Applications of near-infrared spectroscopy in neurocritical care

Affiliations
Review

Applications of near-infrared spectroscopy in neurocritical care

Rachel Thomas et al. Neurophotonics. 2023 Apr.

Abstract

Significance: Acute brain injuries are commonly encountered in the intensive care unit. Alterations in cerebrovascular physiology triggered by the initial insult can lead to neurological worsening, further brain injury, and poor outcomes. Robust methods for assessing cerebrovascular physiology continuously at the bedside are limited.

Aim: In this review, we aim to assess the potential of near-infrared spectroscopy (NIRS) as a bedside tool to monitor cerebrovascular physiology in critically ill patients with acute brain injury as well as those who are at high risk for developing brain injury.

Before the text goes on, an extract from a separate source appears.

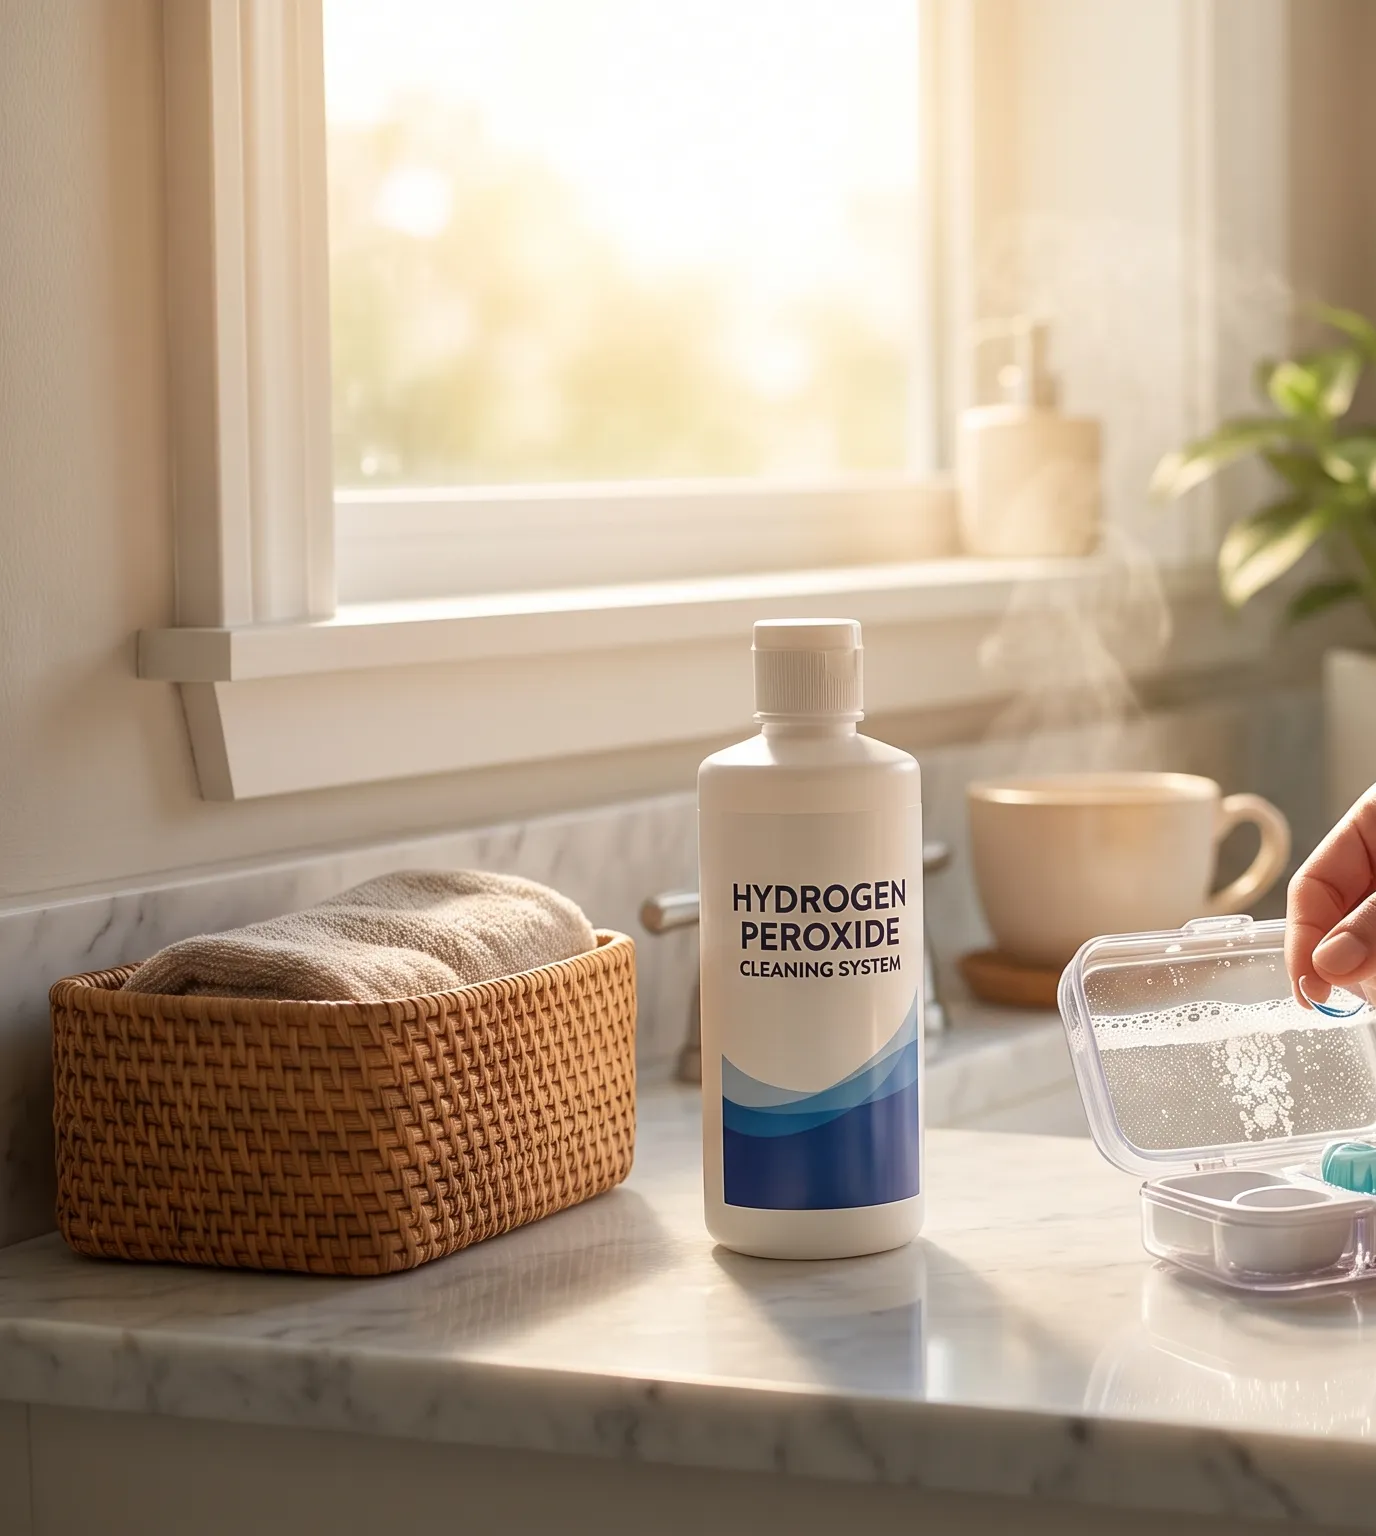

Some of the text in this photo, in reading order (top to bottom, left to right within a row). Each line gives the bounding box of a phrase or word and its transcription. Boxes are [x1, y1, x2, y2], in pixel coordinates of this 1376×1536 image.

[732, 878, 906, 914] HYDROGEN
[741, 916, 900, 952] PEROXIDE
[739, 954, 901, 979] CLEANING SYSTEM

Approach: We first review basic principles of cerebral blood flow regulation and how these are altered after brain injury. We then discuss the potential role for NIRS in different acute brain injuries. We pay specific attention to the potential for NIRS to (1) identify new brain injuries and clinical worsening, (2) non-invasively measure intracranial pressure (ICP) and cerebral autoregulation, and (3) identify optimal blood pressure (BP) targets that may improve patient outcomes.

Results: A growing body of work supports the use of NIRS in the care of brain injured patients. NIRS is routinely used during cardiac surgeries to identify acute neurologic events, and there is some evidence that treatment algorithms using cerebral oximetry may result in improved outcomes. In acute brain injury, NIRS can be used to measure autoregulation to identify an "optimum" BP where autoregulation status is best preserved. Finally, NIRS has been utilized to identify oximetry thresholds that correlate with poor outcome as well as identify new focal intracranial hemorrhages.

Conclusions: NIRS is emerging as a tool that can non-invasively measure brain function in critically ill patients. Future work will be aimed at technical refinements to improve diagnostic accuracy, as well as larger scale clinical trials that can establish a definitive impact on patient outcomes.

Keywords: cerebral autoregulation; near-infrared spectroscopy; stroke; traumatic brain injury.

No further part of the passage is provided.